Assignment:
Reproduce exactly, and exclusively, the lines from the line containing "this 1302×1542 image." through the final line of the listing below.

Input for this task:
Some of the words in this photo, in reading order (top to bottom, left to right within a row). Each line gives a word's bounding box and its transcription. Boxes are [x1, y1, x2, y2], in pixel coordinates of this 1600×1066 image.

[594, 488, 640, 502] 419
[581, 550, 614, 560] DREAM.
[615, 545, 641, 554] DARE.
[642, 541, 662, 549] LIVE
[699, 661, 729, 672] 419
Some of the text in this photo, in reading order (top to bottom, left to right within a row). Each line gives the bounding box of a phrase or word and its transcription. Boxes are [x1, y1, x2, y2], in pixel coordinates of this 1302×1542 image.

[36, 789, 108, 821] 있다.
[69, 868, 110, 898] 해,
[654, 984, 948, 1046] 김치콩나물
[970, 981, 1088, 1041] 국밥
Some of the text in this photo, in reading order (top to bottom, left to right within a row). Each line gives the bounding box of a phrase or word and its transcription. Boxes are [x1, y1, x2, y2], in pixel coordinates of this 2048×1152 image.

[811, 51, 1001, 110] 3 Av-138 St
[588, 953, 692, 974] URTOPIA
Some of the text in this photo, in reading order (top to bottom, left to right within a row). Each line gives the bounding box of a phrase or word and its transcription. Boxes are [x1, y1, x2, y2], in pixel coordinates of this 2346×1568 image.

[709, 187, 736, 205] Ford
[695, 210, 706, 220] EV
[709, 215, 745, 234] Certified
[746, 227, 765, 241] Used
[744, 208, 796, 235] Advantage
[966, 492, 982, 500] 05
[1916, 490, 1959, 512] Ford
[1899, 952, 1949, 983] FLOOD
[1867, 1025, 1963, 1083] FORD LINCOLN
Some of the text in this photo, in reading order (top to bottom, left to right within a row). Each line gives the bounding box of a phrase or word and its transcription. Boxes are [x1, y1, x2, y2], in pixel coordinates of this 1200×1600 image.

Response to this task:
Some of the text in this photo, in reading order (top to bottom, left to right within a row). Each line gives the bounding box of a phrase or word and its transcription. Boxes are [x1, y1, x2, y2], in pixel coordinates of this 1302×1542 image.

[36, 789, 108, 821] 있다.
[69, 868, 110, 898] 해,
[654, 984, 948, 1046] 김치콩나물
[970, 981, 1088, 1041] 국밥
Some of the text in this photo, in reading order (top to bottom, left to right within a row). Each line gives the bounding box of a phrase or word and its transcription. Boxes are [x1, y1, x2, y2], in pixel coordinates of this 2048×1152 image.

[811, 51, 1001, 110] 3 Av-138 St
[588, 953, 692, 974] URTOPIA
Some of the text in this photo, in reading order (top to bottom, left to right within a row). Each line gives the bounding box of a phrase or word and its transcription. Boxes are [x1, y1, x2, y2], in pixel coordinates of this 2346×1568 image.

[709, 187, 736, 205] Ford
[695, 210, 706, 220] EV
[709, 215, 745, 234] Certified
[746, 227, 765, 241] Used
[744, 208, 796, 235] Advantage
[966, 492, 982, 500] 05
[1916, 490, 1959, 512] Ford
[1899, 952, 1949, 983] FLOOD
[1867, 1025, 1963, 1083] FORD LINCOLN
Some of the text in this photo, in reading order (top to bottom, left to right within a row). Each line gives the bounding box of a phrase or word and its transcription. Boxes are [x1, y1, x2, y2], in pixel coordinates of this 1200×1600 image.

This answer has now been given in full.